Que la parole véritable ne triomphe pas ; qu’elle se tienne, qu’elle demeure à côté de ce qui tremble, refusant la confusion non par orgueil de clarté, mais par fidélité aux vivants.

Puisque le monde ne manque pas seulement d’informations, puisqu’il manque de paroles capables de rendre l’homme à lui-même, de faire place au réel sans le réduire, de laisser respirer ensemble la chair, la mémoire et le ciel, que cette parole garde ouverte, au milieu même du vacarme, la possibilité d’une présence.

Alors que l’homme revienne à la poésie, non comme on fuit la ville, mais comme on retourne à l’eau après la poussière, avec ses chaussures pleines de routes, ses mains marquées par le travail, ses morts dans la gorge, ses écrans encore brûlants dans les yeux.

Que la poésie ne soit plus jardin séparé pour âmes délicates, mais connaissance du fer, du salaire, de la maladie, de la faim, des chambres trop petites, des guerres traversant les journaux et les familles, puisqu’elle ne détourne pas du monde : elle rend au monde la profondeur que le vacarme lui vole.

Que la poésie commence peut-être là où l’homme accepte de ne pas tout posséder, lorsqu’il consent à l’attention offerte : regarder longtemps un visage sans le réduire, écouter le nom d’une rivière, sentir la mie du pain se rompre, reconnaître dans le cri d’un enfant, dans le tremblement d’un vieillard, dans la lumière sur un mur, quelque chose qui le dépasse et le concerne.

Le poème n’est pas luxe : il est manière de rendre au réel son tremblement sacré, même lorsque le mot sacré ne se prononce plus.

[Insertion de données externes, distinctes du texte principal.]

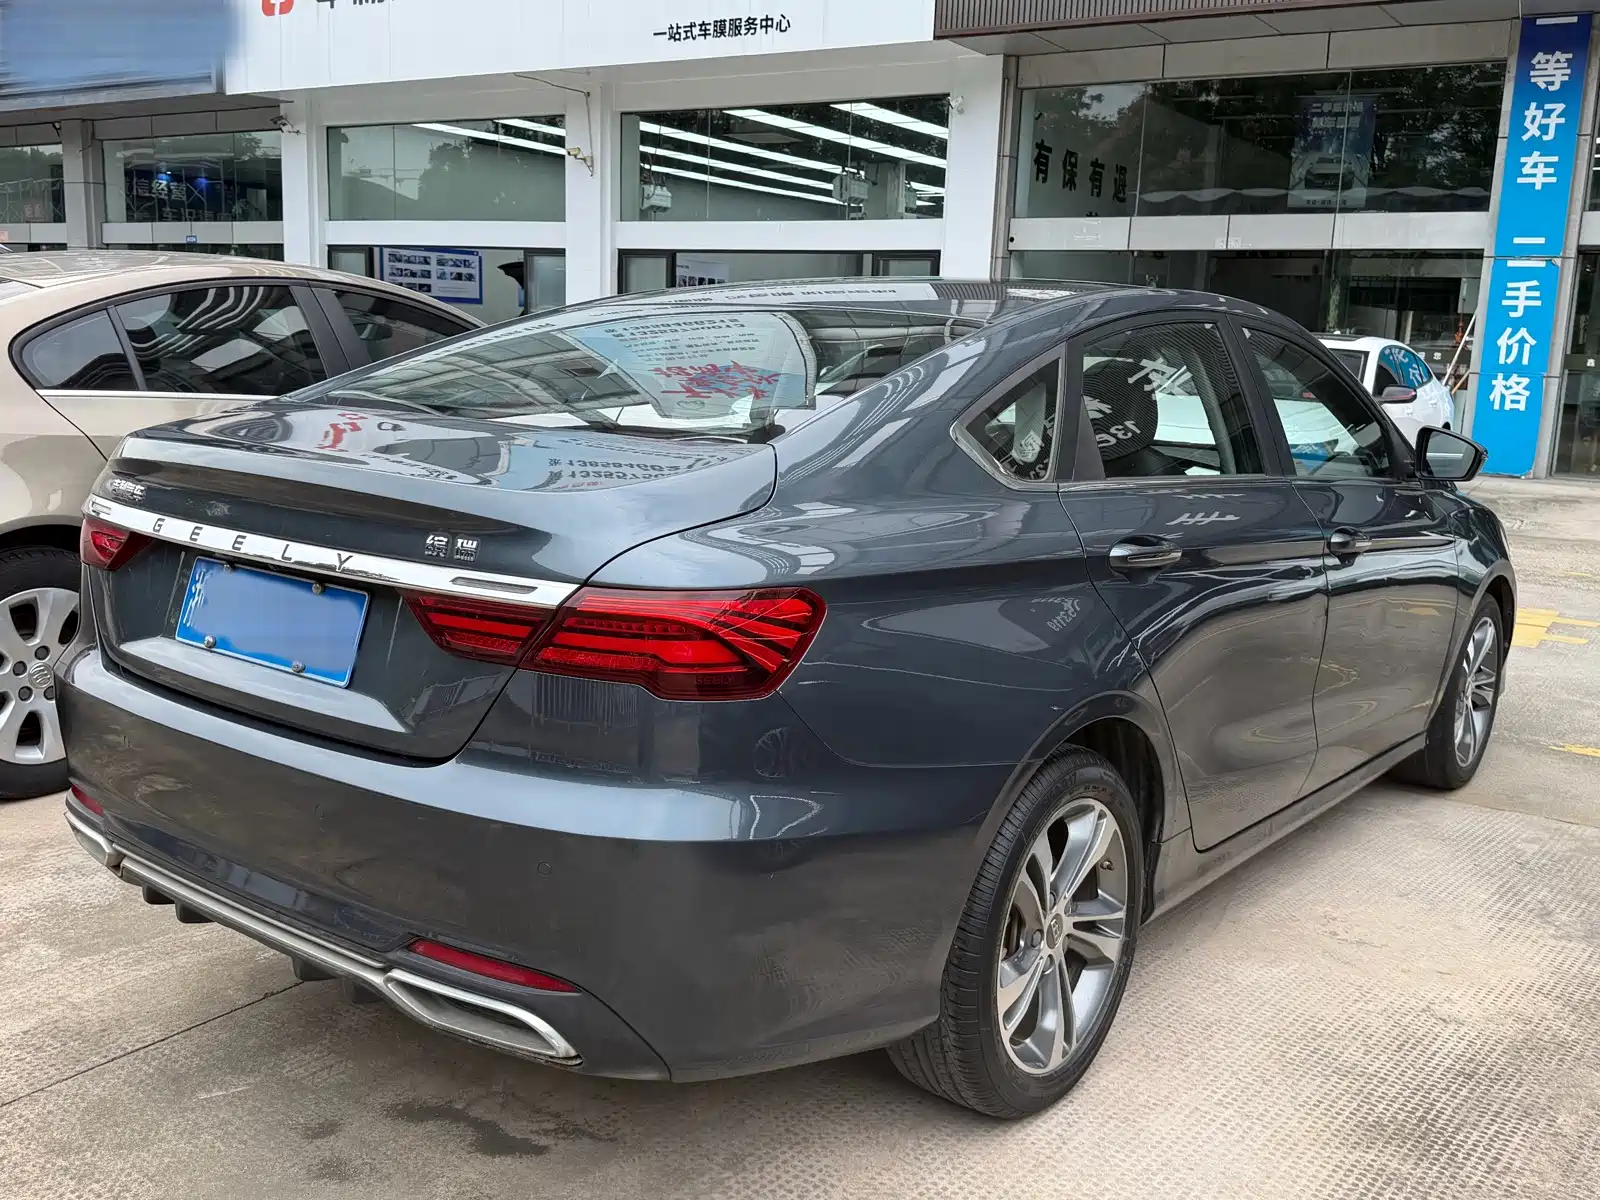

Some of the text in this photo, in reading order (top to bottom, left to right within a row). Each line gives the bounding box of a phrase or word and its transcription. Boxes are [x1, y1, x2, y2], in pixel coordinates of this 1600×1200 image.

[653, 14, 791, 42] 一站式车膜服务中心
[1488, 15, 1578, 412] 一等好车 二手价格
[152, 517, 354, 572] GEELY
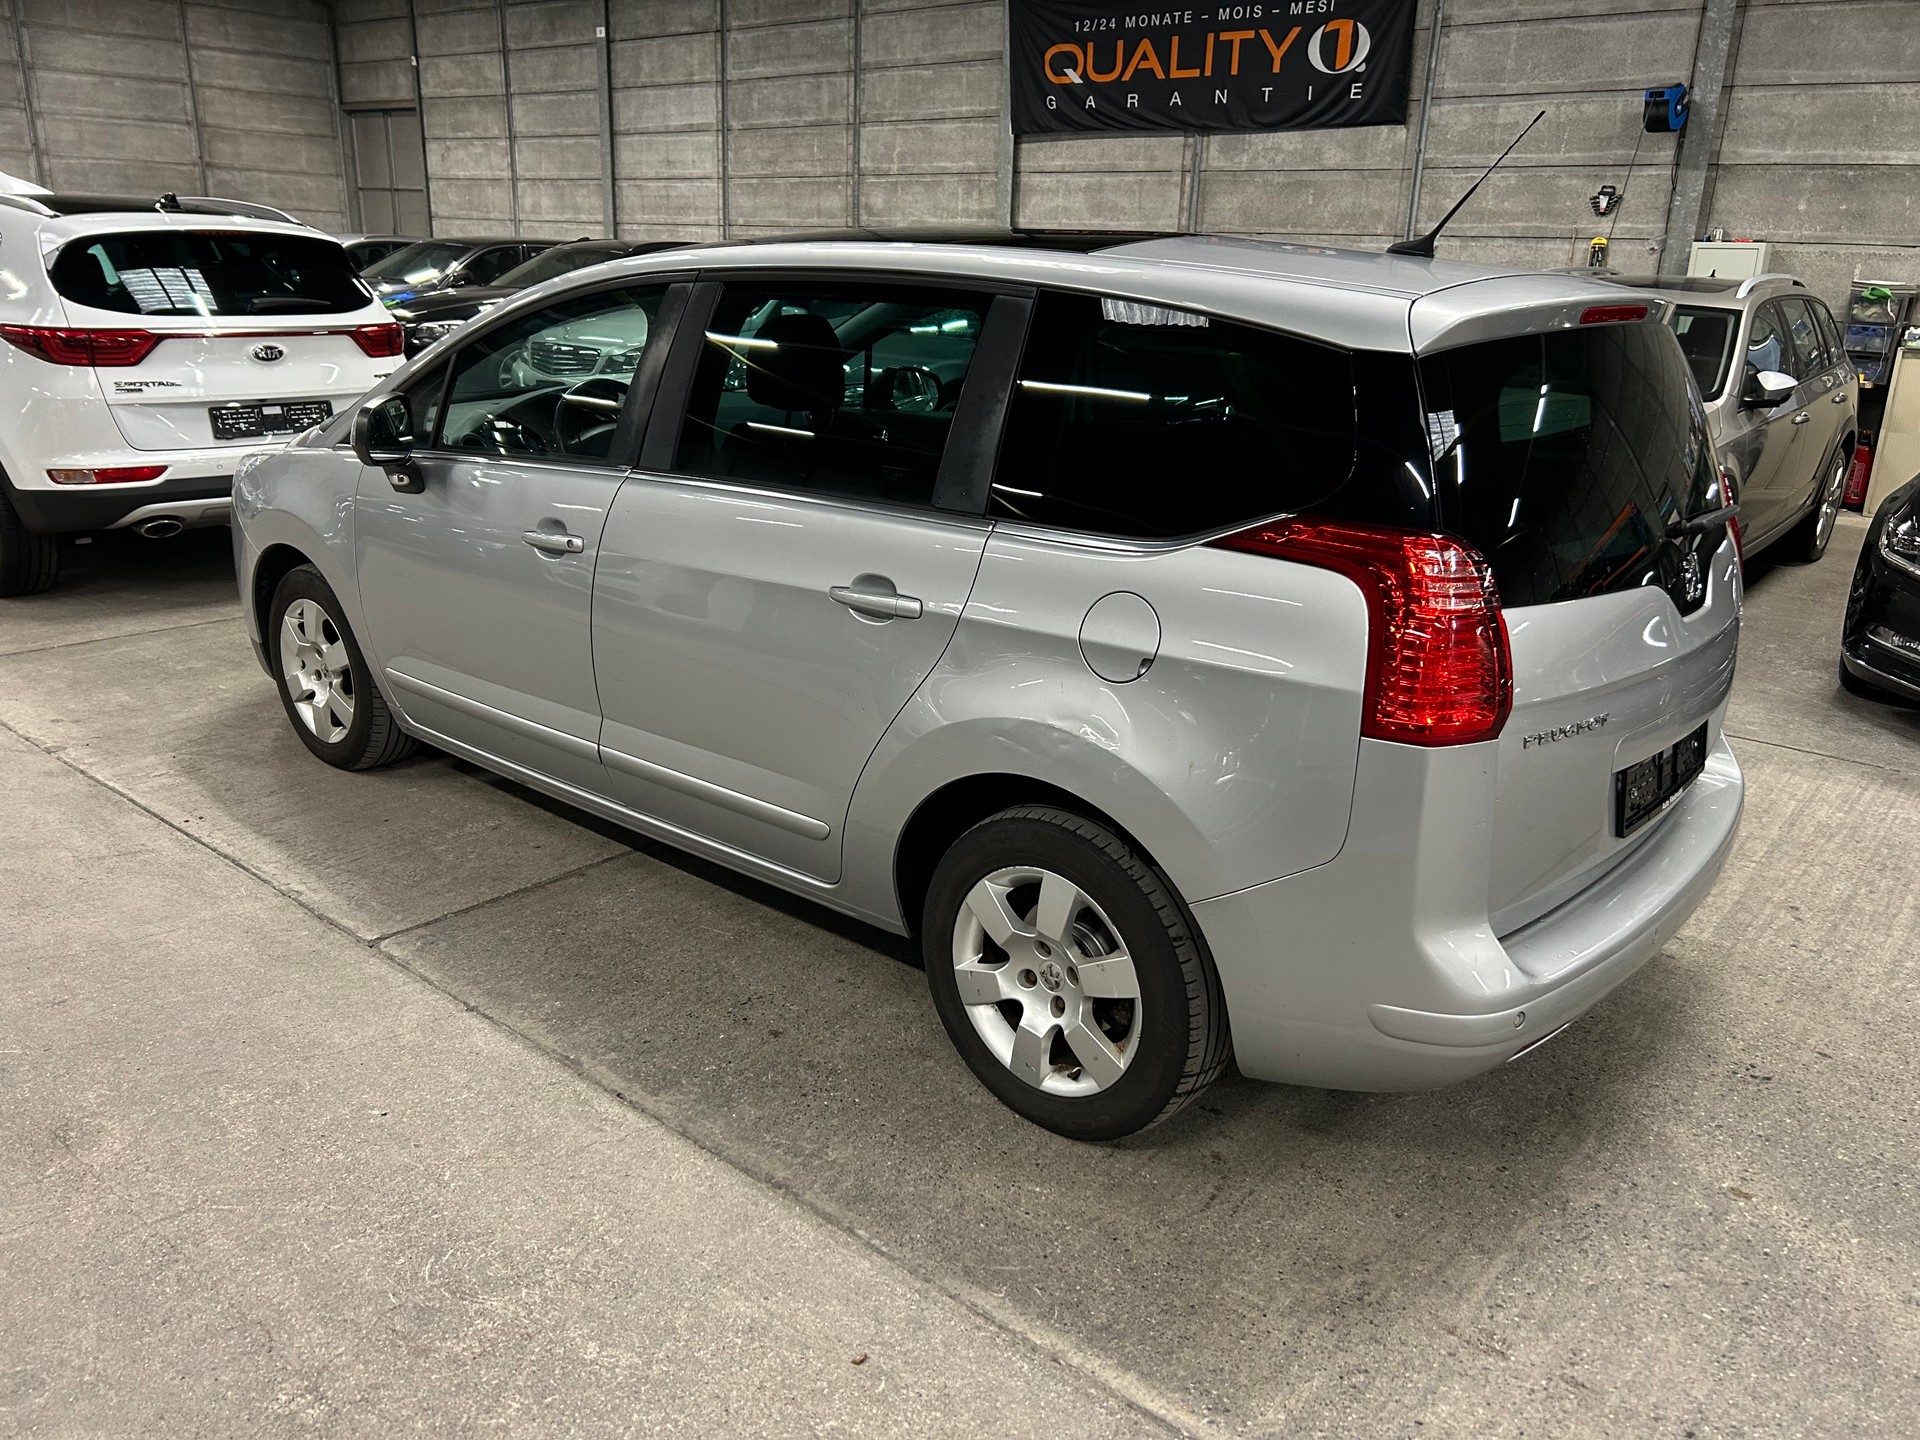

Avant nos systèmes, avant nos certitudes, que l’homme se soit tenu sous le ciel nocturne avec une inquiétude plus ancienne que lui, tandis que la poussière sous ses pieds gardait mémoire des étoiles, que le feu circulait dans la matière et dans les corps, qu’une même énigme liait la source, le sang, la bête, la pierre, la naissance et la mort.

De cette proximité naquit la parole, non pour enjoindre, mais pour joindre ; et depuis lors la poésie accompagne la marche humaine, changeant de langue sans changer de vocation : maintenir ouvert le passage entre matière et sens, entre solitude et communauté, entre ce qui souffre et ce qui maintient son chant.

Écrire contre la nuit commune, que ce ne soit donc pas dresser une tour de mots, mais rallumer, au niveau des corps, une possibilité d’entente.

Que l’enfant, le vieillard, l’exilé, le travailleur, la femme qui rentre tard, l’homme qui n’ose plus parler, celui qui doute de sa propre place, puissent trouver dans la langue non une frontière, mais un passage.

Et que la parole, si elle n’accueille pas, ne devienne pas pierre ; si elle accueille sans tenue, ne devienne pas brume ; mais qu’elle demeure habitable, ouverte et ferme, solidaire et droite.

Et si le poème se retire, qu’il ne se ferme pas ; qu’il laisse une braise dans la main du lecteur, une eau dans sa bouche, une place plus large dans sa poitrine.

La poésie n’achève rien : elle remet au vivant ce qu’elle reçoit, ne sauvant pas le monde comme une armée, le sauvant autrement, plus bas, plus longuement, en empêchant que l’homme oublie sa profondeur.

Là où une parole juste circule encore, la nuit n’est plus seule : elle doit compter avec une voix.